▶ **WORK TASK**: Without carrying over a single picture, write out the records below exactly.

▶ **LISTED RECORDS**:

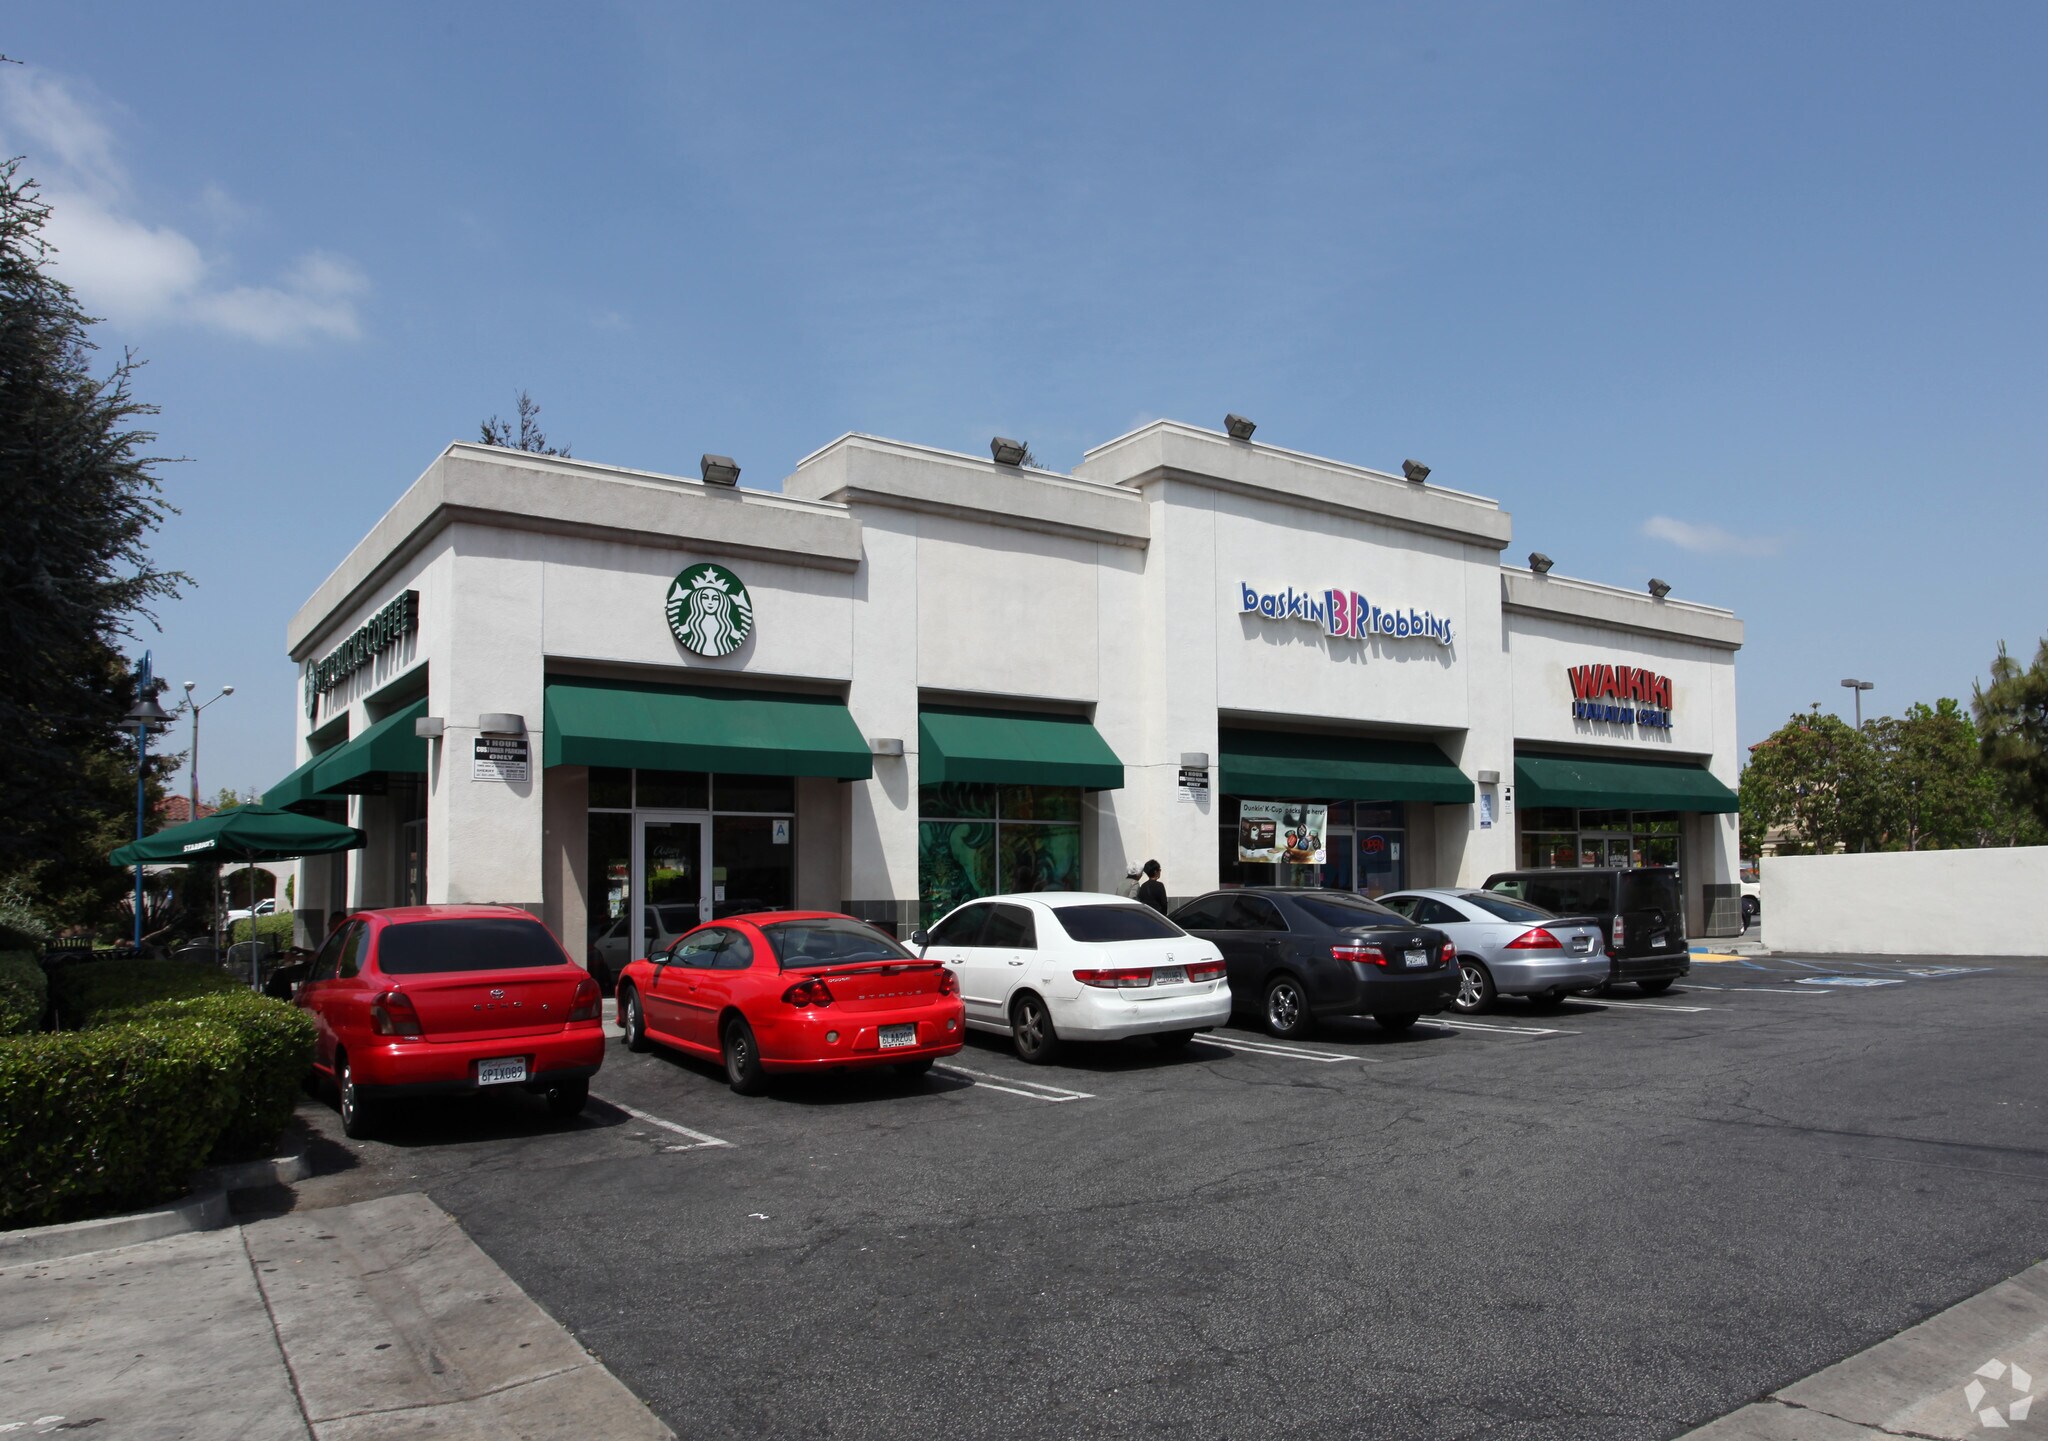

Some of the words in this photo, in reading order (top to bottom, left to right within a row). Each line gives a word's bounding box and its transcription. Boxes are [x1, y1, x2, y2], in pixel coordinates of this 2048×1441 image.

[1240, 581, 1325, 626] baskin
[1324, 588, 1369, 639] BR
[1372, 607, 1451, 645] robbins
[1567, 664, 1672, 711] WAIKIKI
[1572, 700, 1635, 725] HAWAIIAN
[1636, 709, 1673, 728] GRILL
[476, 746, 504, 754] CUSTOMER
[491, 740, 518, 748] HOUR
[1243, 804, 1264, 812] Dunkin'
[1265, 806, 1283, 814] K-Cup
[1285, 807, 1301, 815] packs
[776, 824, 786, 836] A
[1362, 839, 1385, 852] OPEN
[481, 1066, 523, 1082] 6PIX089

▶ **ANSWER AREA**:
Some of the words in this photo, in reading order (top to bottom, left to right within a row). Each line gives a word's bounding box and its transcription. Boxes are [x1, y1, x2, y2], in pixel coordinates of this 2048×1441 image.

[1240, 581, 1325, 626] baskin
[1324, 588, 1369, 639] BR
[1372, 607, 1451, 645] robbins
[1567, 664, 1672, 711] WAIKIKI
[1572, 700, 1635, 725] HAWAIIAN
[1636, 709, 1673, 728] GRILL
[476, 746, 504, 754] CUSTOMER
[491, 740, 518, 748] HOUR
[1243, 804, 1264, 812] Dunkin'
[1265, 806, 1283, 814] K-Cup
[1285, 807, 1301, 815] packs
[776, 824, 786, 836] A
[1362, 839, 1385, 852] OPEN
[481, 1066, 523, 1082] 6PIX089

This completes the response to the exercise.